Sad that several familiar faces/voices have passed but doubtless were there at the show in spirit, making sure it all went properly to plan.

Heather said...

Those who have passed on and were dear to us are always remembered with love and affection.
I had three great-grandchildren added to my family last year, and one of my grandsons is getting married in October.
I remember being kept in bed for several days when my older children were born at home, but when I had the last one in hospital (I was regarded as an ('aged parent' at 39!)I was allowed out of bed almost straight away.

Joanne Noragon said...

As my doctor said, "All my mothers rest a week in the hospital." How times have changed.

Cro Magnon said...

The world doesn't stop, and one simply hopes that the new bunch make as good a job of it as the old. Which they usually do!

Derek Faulkner said...

Cro summed it all up admirably - life goes on, no matter how much we look fondly back at the "good old days" - and now new people are creating what will be their "good old days."
Nice to see that you enjoyed the cricket last weekend, nothing like a good Ashes Test for enjoyment, I barely moved from the TV for four days.
Weather this weekend, here in the south at least, is due to be in high 20's and sunny, hopefully it will be similar for your show.

Librarian said...

Dear Pat, the setting up of the Wensleydale Show understandably made you remember all those who are not there anymore, and that is not a bad thing. I hope Saturday will be a great day for organisers, participants and visitors.
You asked about a recommendation for your Book Group, and as I don't know whether you go back to read my reply to your comment, here is the link to my review of "The Little Stranger" again: Click here.

Ann said...

In the sixties, my mum stayed in for 7-10 days, whereas in the nineties, I was in 3 days for my daughter and one day for my son. I was quite happy to go home, it was so hectic in there.
There were several events I went to this year that my Dad would've enjoyed and gone with me (he passed away Dec 2016) It made me sad, I shed a few tears on my return home, but I also remembered the fun of past years with him.

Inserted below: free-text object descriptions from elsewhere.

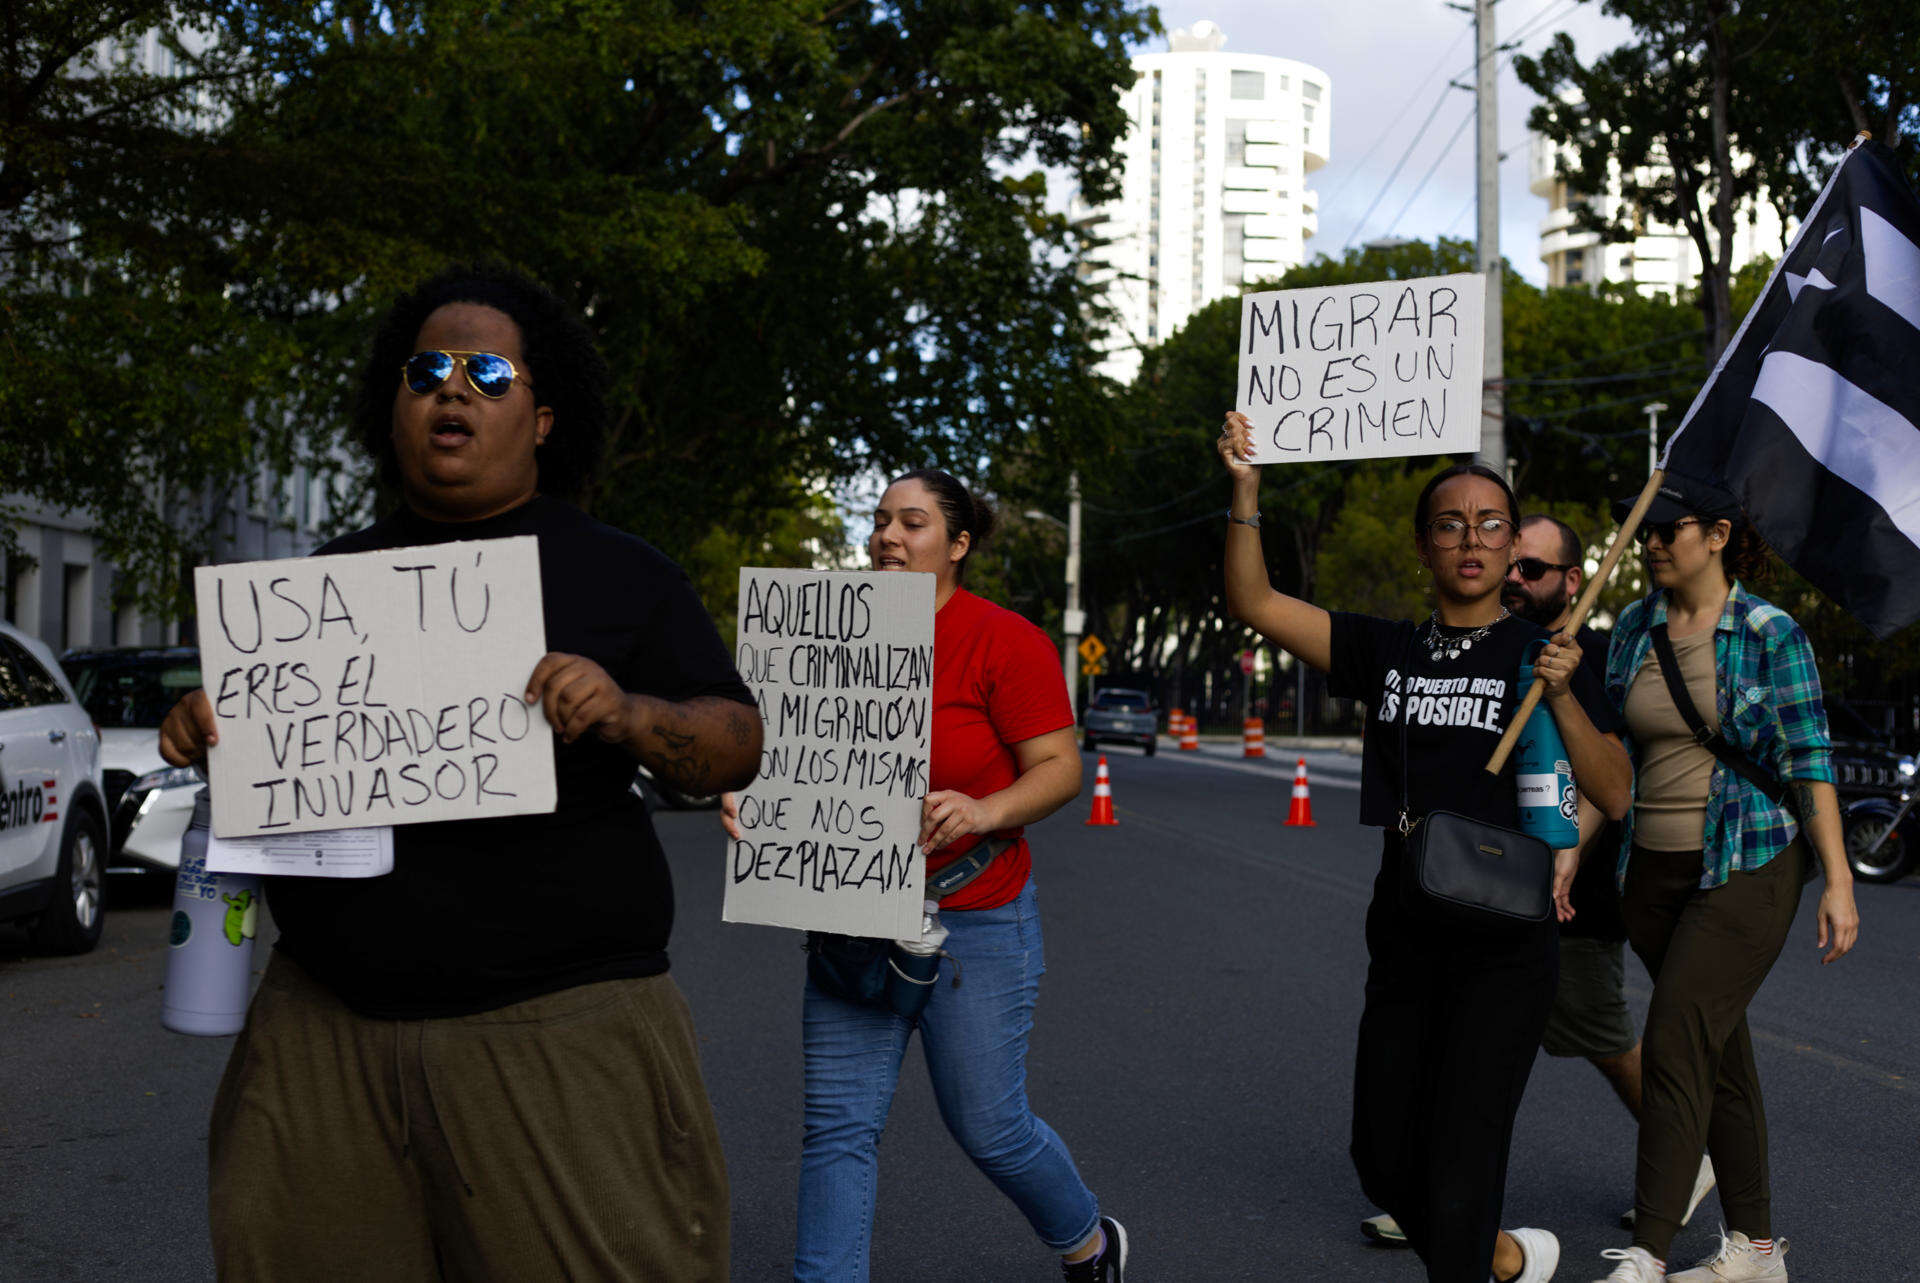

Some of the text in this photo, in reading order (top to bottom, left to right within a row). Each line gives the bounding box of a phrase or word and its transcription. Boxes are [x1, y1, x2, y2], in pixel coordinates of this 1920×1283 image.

[1249, 286, 1457, 355] MIGRAR
[1248, 343, 1454, 405] NO ES UN
[1273, 388, 1447, 454] CRIMEN
[217, 551, 490, 654] USA, TÚ
[743, 577, 874, 643] AQUELLOS
[216, 653, 387, 719] ERES EL
[737, 643, 933, 692] QUE CRIMINALIZAN
[1413, 676, 1469, 695] PUERTO
[1469, 677, 1506, 699] RICO
[265, 692, 530, 771] VERDADERO
[757, 688, 926, 748] A MIGRACIÓN,
[1405, 695, 1504, 735] POSIBLE.
[252, 753, 518, 830] INVASOR
[759, 745, 927, 800] ON LOS MISMOS
[739, 795, 884, 841] QUE NOS
[734, 839, 915, 893] DEZPLAZAN.

As sad as it is, it is the circle of life, as they say.

Tom Stephenson said...

I like those sort of shows. I wish I could get to them more often.

thelma said...

A sad and poignant writing of what happens in our lifetime, but also beautiful.

Rachel Phillips said...

Farmers are good at organising things and getting things done. No squit.

Rachel Phillips said...

No squit is Norfolk dialect meaning no nonsense.